Das summiert sich allein in deutschen Häfen und vor der deutschen Küste auf etwa zehn Millionen Tonnen, davon ein Fünftel aus Übersee. Wie viele Organismen mit einer solchen Wasserladung ankommen, lässt sich nur schätzen. Eine Untersuchung des Ballastwassers von 125 in amerikanischen Häfen aus Japan eintreffenden Frachtschiffen förderte Vertreter von 357 Arten zutage – alle noch lebend und teils in riesigen Individuenzahlen. Inzwischen wurden insgesamt rund 4.000 Arten in Ballastwasserproben nachgewiesen.
Es gibt Hochrechnungen, denen zufolge pro Sekunde 69 Individuen im Ballastwasser oder als Aufsitzer auf der Außenhaut von Schiffen in Deutschland ankommen. Ein durchschnittlich großes Schiff beherbergt rund vier Millionen tierische Bewohner, von denen etwa 60 Prozent nicht einheimischen Arten angehören. Auf diesem Weg gelangten in den vergangenen 150 Jahren 100 registrierte Neobiota in Nord- und Ostsee.
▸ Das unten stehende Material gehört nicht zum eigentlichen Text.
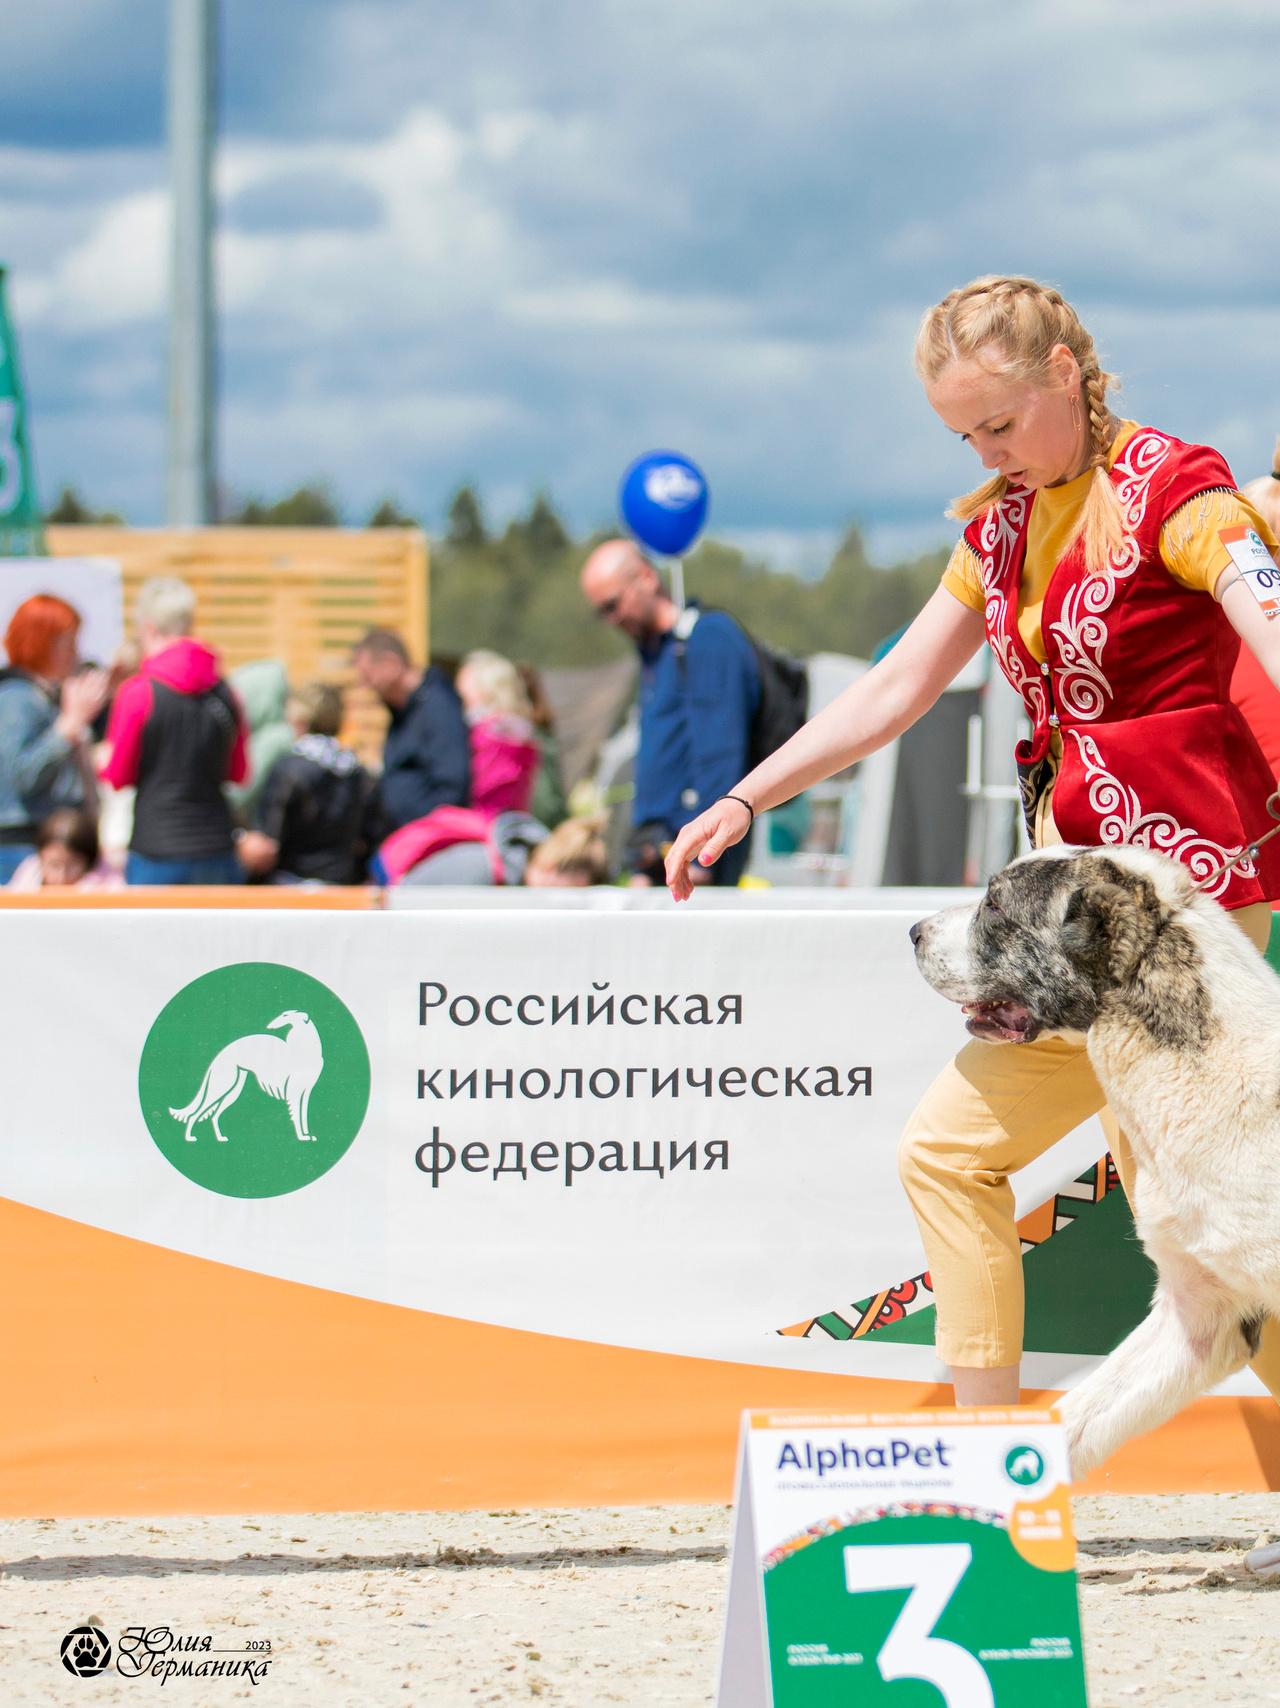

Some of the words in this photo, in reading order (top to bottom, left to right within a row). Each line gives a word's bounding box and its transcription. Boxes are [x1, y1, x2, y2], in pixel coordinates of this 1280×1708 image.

Ballastwasser wird seit 1880 weltweit verwendet. So kann man sagen, dass Seefahrer das größte Experiment mit Pflanzen- und Tierarten aller Zeiten begannen – mit unabsehbaren Folgen.

Bekannte und gut dokumentierte Fälle von Invasoren aus Ballastwasser sind die Zebramuschel Dreissena polymorpha, die Rippenqualle Mnemiopsis leidyi und die Wollhandkrabbe (Eriocheir sinensis; siehe Seite 43).

Interessant im Zusammenhang mit der Rippenqualle ist die Reproduzierbarkeit biologischer Invasionen. Kurz nachdem M. leidyi im Ballastwasser 1982 aus dem Atlantik ins Schwarze Meer verfrachtet worden war, brach dort die Fischerei zusammen, da die Neuankömmlinge als Planktonfresser den Fischen die Nahrungsgrundlage streitig machten. Dieses Problem endete, als 1997 – ebenfalls in Ballastwasser – eine weitere Rippenqualle (Beroë ovata) ins Schwarze Meer gelangte. Sie ernährt sich von Mnemiopsis, und so pendelte sich ein Gleichgewicht zwischen beiden Arten ein.

Im Jahr 1999 geriet dann Mnemiopsis ins Kaspische Meer, und dort wiederholte sich die Geschichte. Übrigens wurde M. leidyi 2006 erstmals in der Ostsee nachgewiesen …

Die Alge aus der Wilhelma
Ein Beispiel mit Bezug nach Stuttgart ist die Ausbreitungskarriere von Caulerpa taxifolia. Diese Grünalge stammt ursprünglich aus dem Indopazifik. Im berühmten Wilhelma-Aquarium wurde die Art in Meerwasserbecken kultiviert. Einige Exemplare gelangten in den 1980er-Jahren in das Meeresaquarium von Monaco, damals noch geleitet von Jacques Cousteau. Ja, und dann tauchte die Alge 1984 erstmals im Mittelmeer vor Monaco auf.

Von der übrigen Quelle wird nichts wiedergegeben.